Initially, we need to initialize and unseal the HashiCorp Vault.

Initialization is required once

Initialize and Unseal the HashiCorp Vault

The first time you install the HashiCorp Vault, it requires to be initialized to have unseal key(s) and a root token.

More info can be found in the Vault official doc

Access the Vault UI
Provide the key shares and the key threshold and press Initialize button

For a production environment we suggest at least key_shares=3 and key_threshold=2
Download the generated keys

These will be used to unseal and access the Vault UI
Press the Continue to Unseal button
Paste the Key(s) and press the Unseal button

Based on the number of key shares and key threshold you will have to repeat the above step with a different key.

More info can be found in the Vault official doc

Enable the AppRole Auth Method

The AppRole auth method allows application to authenticate with Vault-defined roles.

More info can be found in the Vault official doc

Login into the Vault UI with your rootToken
Open the Access menu
Press the Enable auth method button
Select the AppRole type for the new Authentication Method and press Next
Fill the Path with approle and press the Enable Method button
You have now enabled the AppRole authentication method, let’s use it with Platform Manager.

Create the KV Secrets Engine

The KV Secrets Engine is used to store secrets in Vault storage with Key:Value format.

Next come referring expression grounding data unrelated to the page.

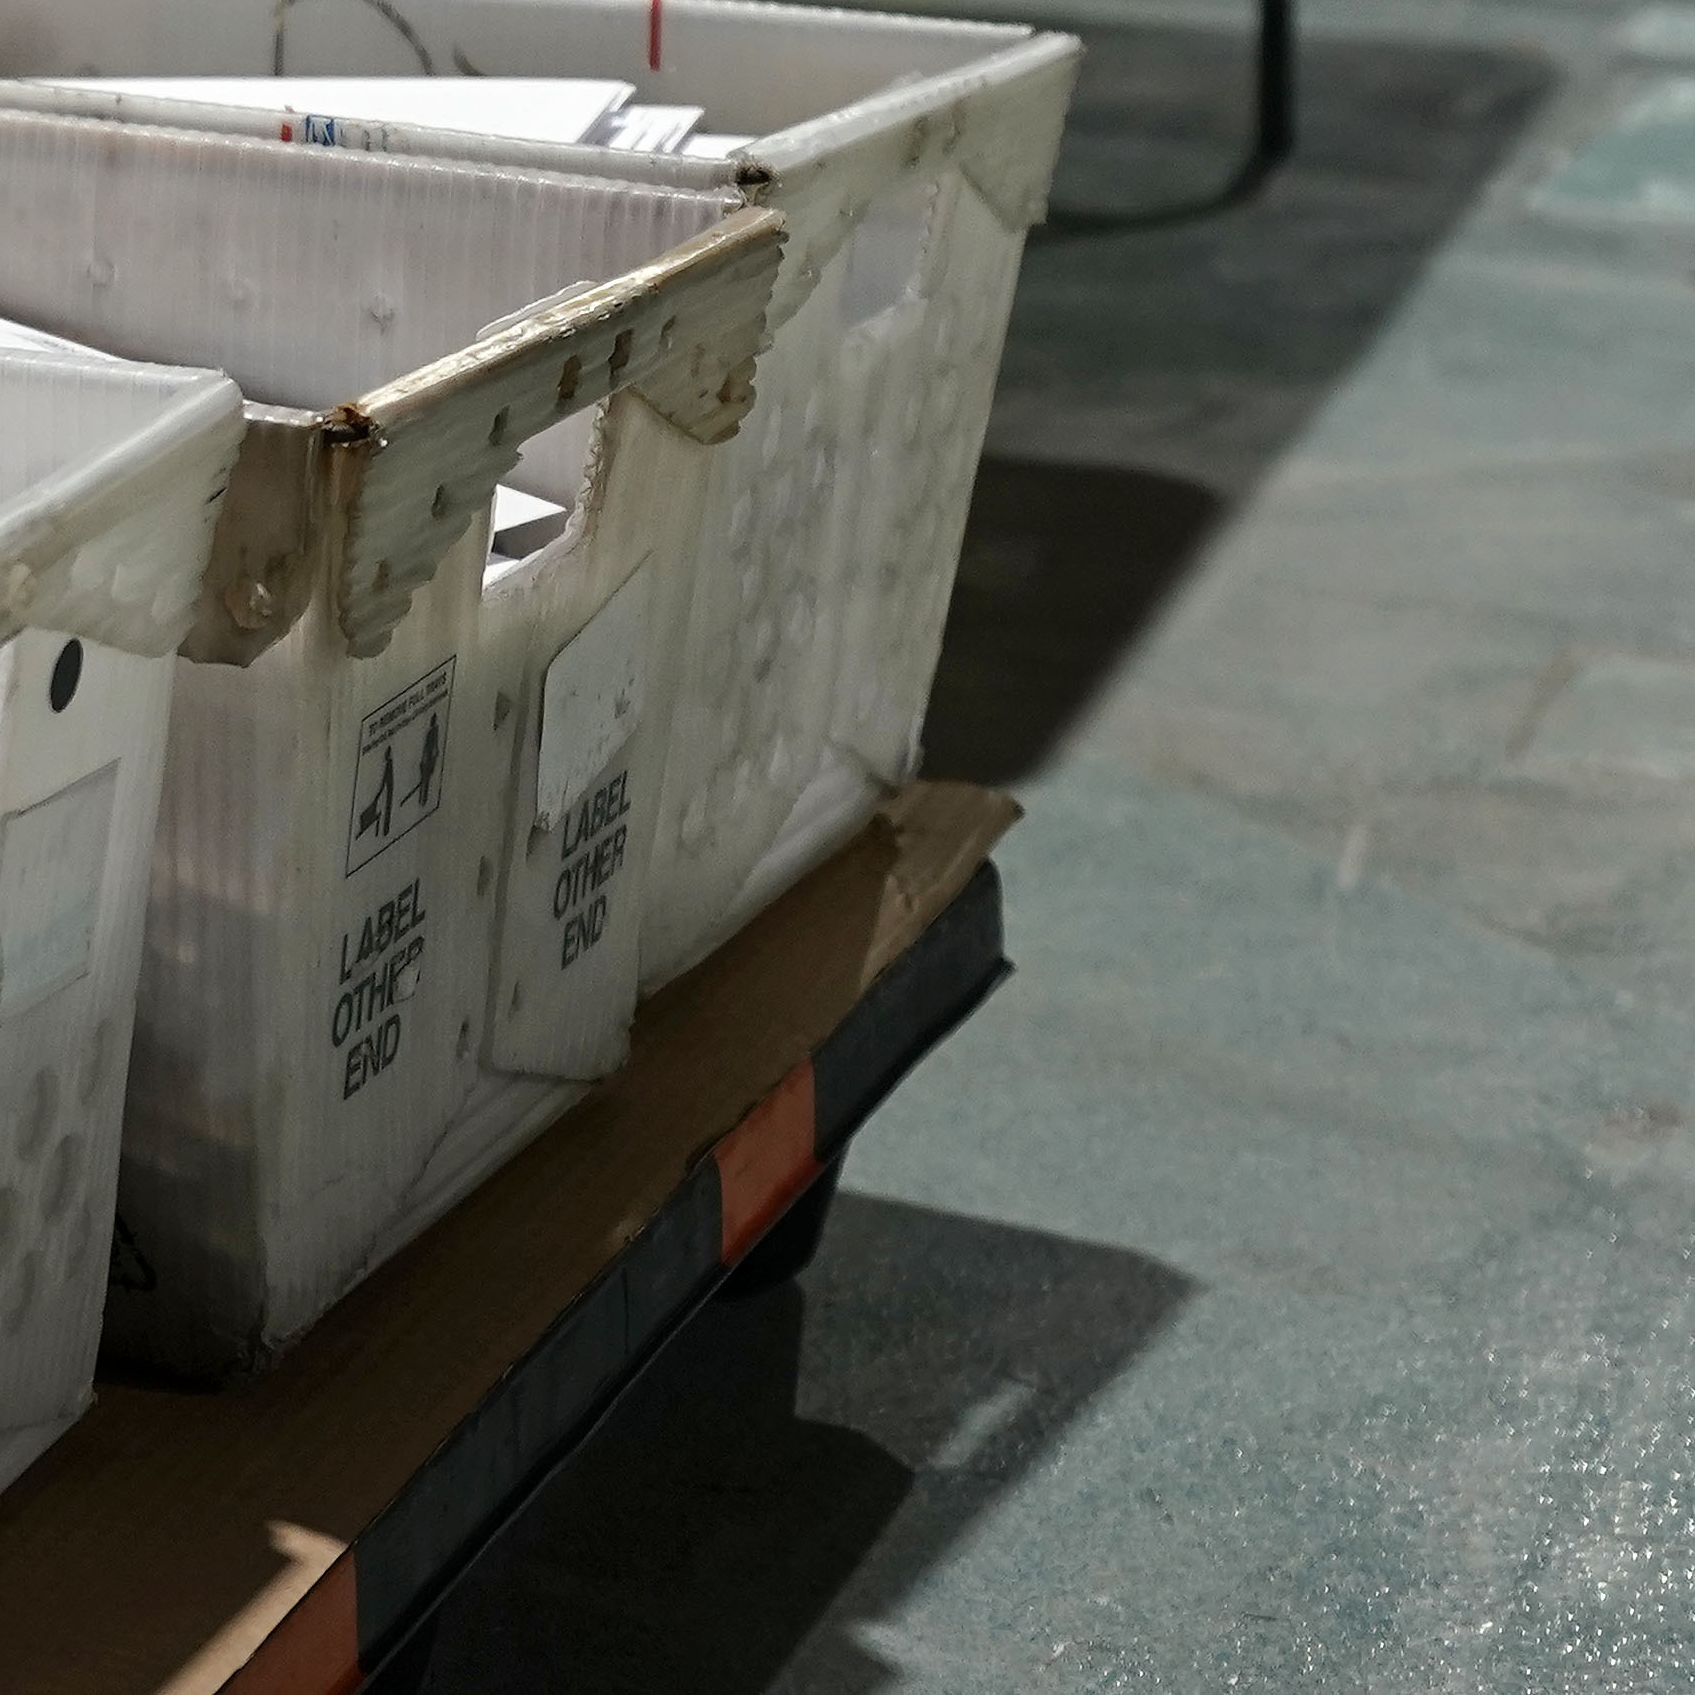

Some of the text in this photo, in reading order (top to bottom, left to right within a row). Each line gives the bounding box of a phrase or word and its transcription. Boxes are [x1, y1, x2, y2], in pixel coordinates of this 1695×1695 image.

[562, 770, 631, 860] LABEL
[553, 823, 628, 920] OTHER
[339, 876, 426, 985] LABEL
[561, 895, 607, 971] END
[343, 1013, 401, 1100] END

More info can be found in the Vault official doc

Login into the Vault UI with the rootToken
Open the Secrets Engines menu
Press the Enable new engine button
Select the KV type for the new engine and press Next
Fill the Path with governance and press Enable Engine
You have now configured the governance KV Secrets Engine, let’s use it with Platform Manager.

Create the Platform Manager Policy

Create the ACL Rule

The ACL Rule is a Vault Policy that provides a declarative way to grant access to a certain path.

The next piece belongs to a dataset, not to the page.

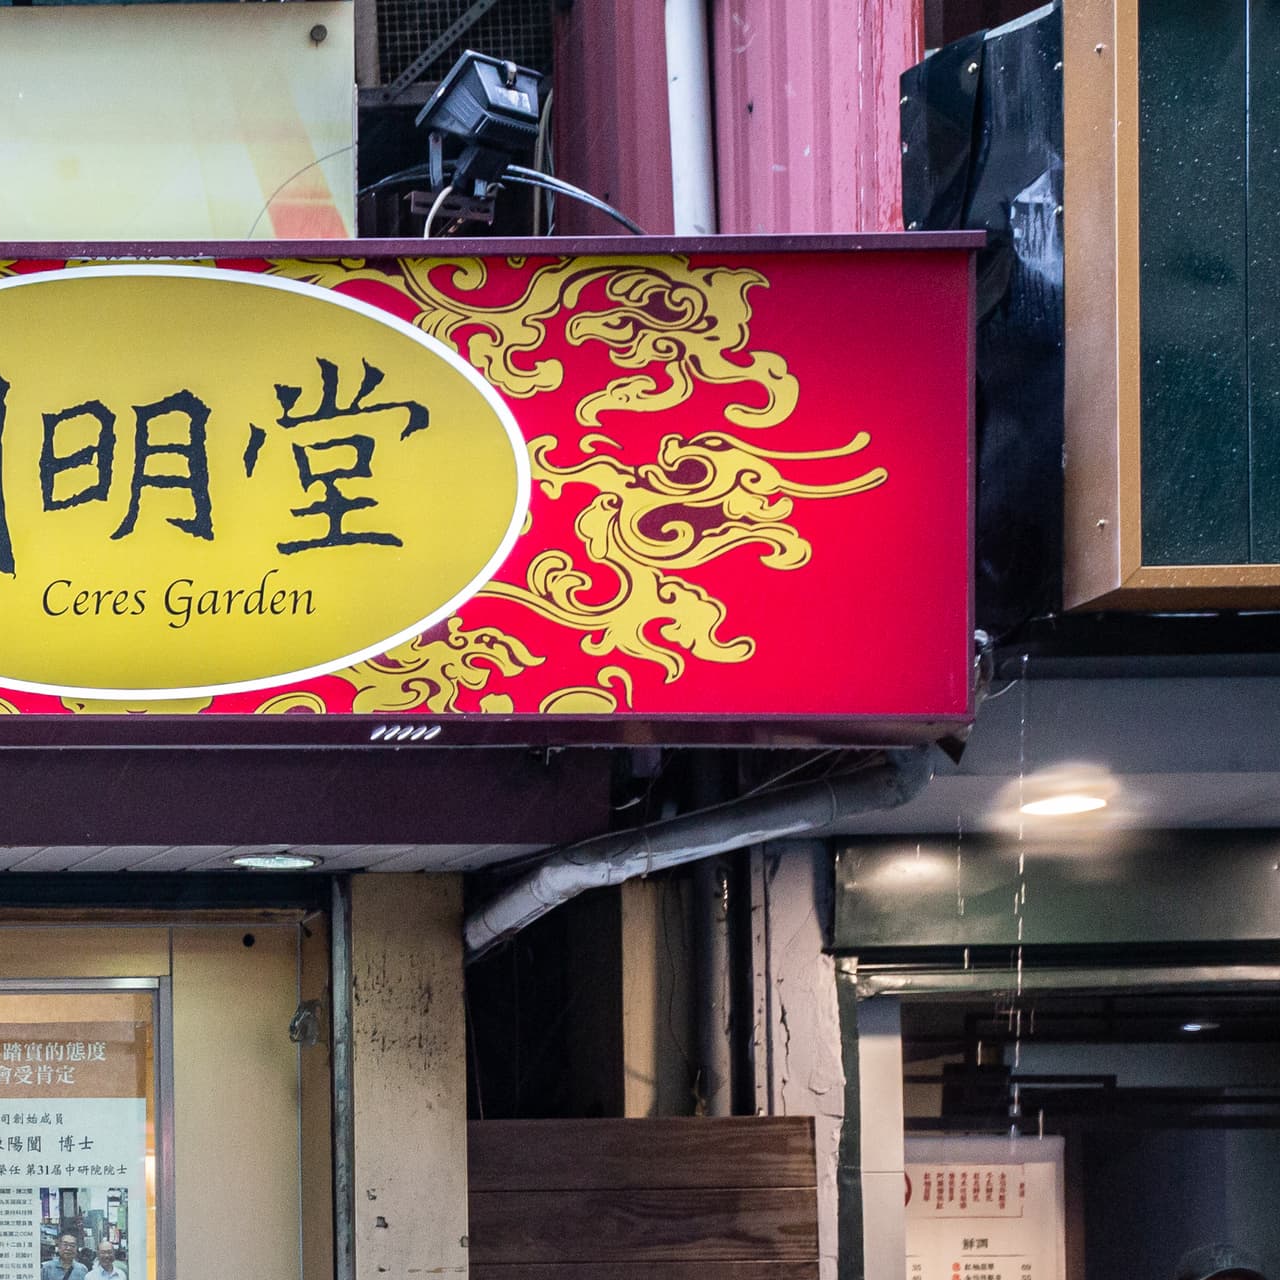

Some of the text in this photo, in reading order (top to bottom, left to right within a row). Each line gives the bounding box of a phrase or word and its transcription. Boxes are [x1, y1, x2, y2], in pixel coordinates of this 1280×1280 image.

[43, 569, 316, 629] Ceres Garden
[59, 1136, 94, 1151] 博士
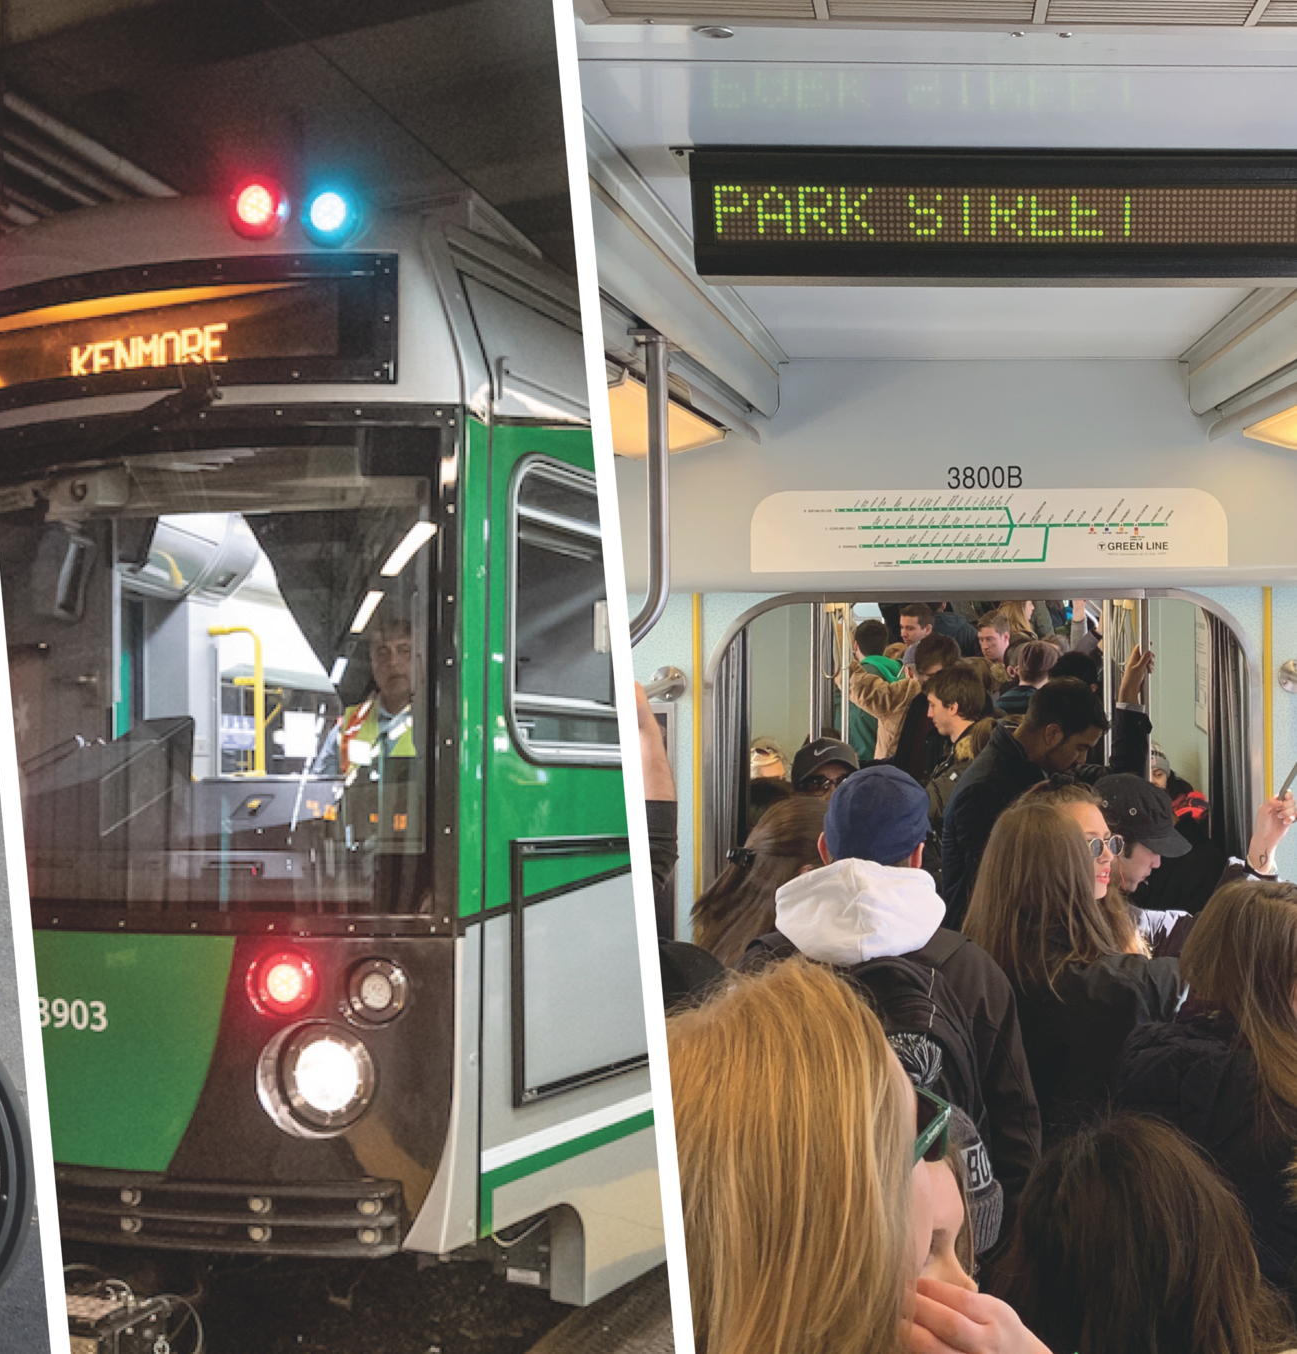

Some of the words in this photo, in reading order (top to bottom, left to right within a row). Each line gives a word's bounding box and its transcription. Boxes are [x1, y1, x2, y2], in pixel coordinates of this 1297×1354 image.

More info can be found in the Vault official doc

Login into the Vault UI with the rootToken
Open the Policy menu
Press the Create ACL policy button

Fill the Name with platform-manager and copy the following content as Policy

path "governance/*" {
	capabilities = ["read","create","update","delete"]
}

Press Create Policy
You have now created the Platform Manager policy, let’s add it to the Platform Manager AppRole.

Create RoleId and SecretId

Login into the Vault UI with the rootToken
Open the terminal menu

Add the Platform Manager policy to the Platform Manager AppRole

vault write auth/approle/role/platform-manager token_policies="platform-manager"

Write policy to Platform Manager AppRole

Read the Platform Manager policy role_id

vault read auth/approle/role/platform-manager/role-id

You will see a response like the following
```
Key     Value
role_id 0b7569bd-7d8b-c33c-f759-e15231b18542
```
Note down the role_id, will be used in the Platform Manager configuration

Read the Platform Manager policy secret_id

vault write -f auth/approle/role/platform-manager/secret-id

You will see a response like the following

Key                Value
secret_id          2387519d-5ac8-8af2-ad58-e89848fa3f05
secret_id_accessor a5740957-205d-7be4-23c7-e7bc57791631
secret_id_num_uses 0
secret_id_ttl      0

Note down the secret_id, will be used in the Platform Manager configuration

Now you have done all steps to allow Platform Manager accessing the governance path.